The Washington Territorial Library was established on March 2, 1853, with the signing of the Organic Act by President Millard Fillmore to create Washington Territory. The law included an appropriation of $5,000 for the territory library that was used by appointed Territorial Governor Issac Stevens to buy and ship 2,130 volumes from New York City to Olympia. The first shipment of books departed from New York City on May 21, 1853, aboard the Invincible, which traveled around Cape Horn and South America to San Francisco. The books were transferred to the Tarquinia and arrived in Olympia on October 23, 1853, a few weeks before Governor Stevens arrived from his overland trip and took office. The library was opened to public use beginning in 1855, after an amendment to the territorial library law was passed by the territorial legislature.
Prior to achieving statehood on November 11, 1889, the Territorial Library reported a collection of 10,448 volumes. The new state legislature passed a bill creating the state library on March 27, 1890. The state library's collection was organized under the Dewey Decimal Classification system in 1898, and a card index was created in 1901. The library occupied the Joel M. Pritchard Building on the State Capitol campus in Olympia from 1958 until it was damaged by the 2001 Nisqually earthquake and evacuated. At its greatest extent in the 1990s, the library contained 547,000 books, periodicals, and documents.
The library was moved to a temporary location in Tumwater in December 2001, while the Pritchard Building underwent already-planned renovations and served as the temporary chambers for the state senate. The general collection was downsized by 260,000 books, which were donated to local libraries. The state government proposed closing the state library as part of its 2002 budget, saving $9 million in annual expenses, but the library was saved by eliminating the state library commission and merging operations with the Office of the Secretary of State effective July 1, 2002. The state government attempted to eliminate the state library a second time in December 2002, with collections transferred to local universities and colleges, but was saved by downsizing its staff and reorganizing under the Office of the Secretary of State. The library has since expanded its digital collections, which include scanned copies of older state newspapers and books.
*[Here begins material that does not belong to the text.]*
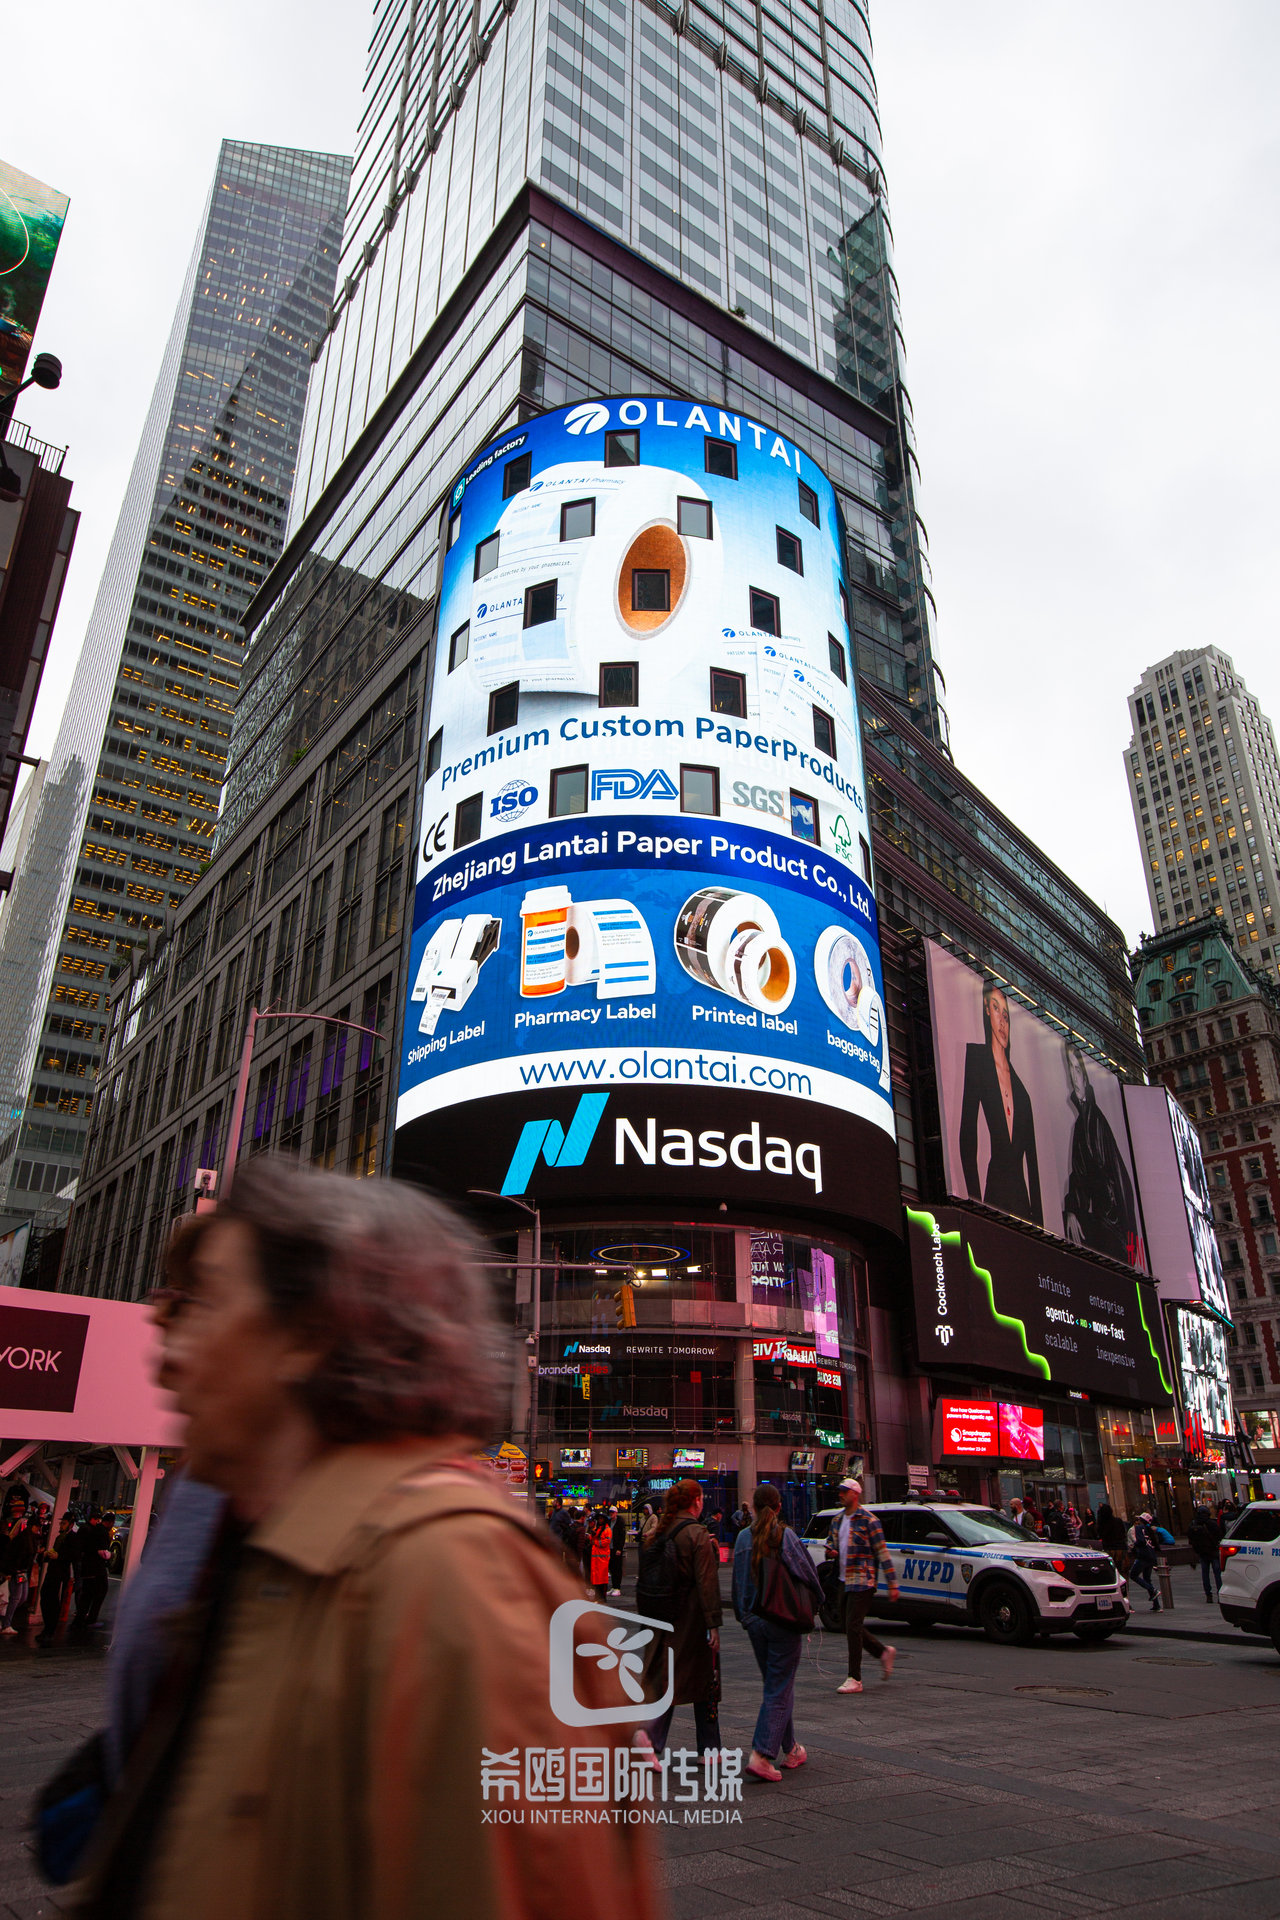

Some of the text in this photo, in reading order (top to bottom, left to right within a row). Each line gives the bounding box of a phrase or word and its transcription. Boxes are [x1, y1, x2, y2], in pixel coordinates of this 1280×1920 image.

In 2019, the state legislature approved a $2 fee on recorded documents to fund the construction of a new library and archives building in Tumwater. The $108 million project would construct a joint facility on the South Campus near the former state library. The Washington State Archives are currently housed in a building on the capitol campus that was constructed in 1962 and deemed too small to hold the state's records.

Branches and services

The State Library maintains branches at several state agencies, as well as in correctional facilities and mental hospitals:
The Washington State Library coordinates library access to the Washington K-20 Network.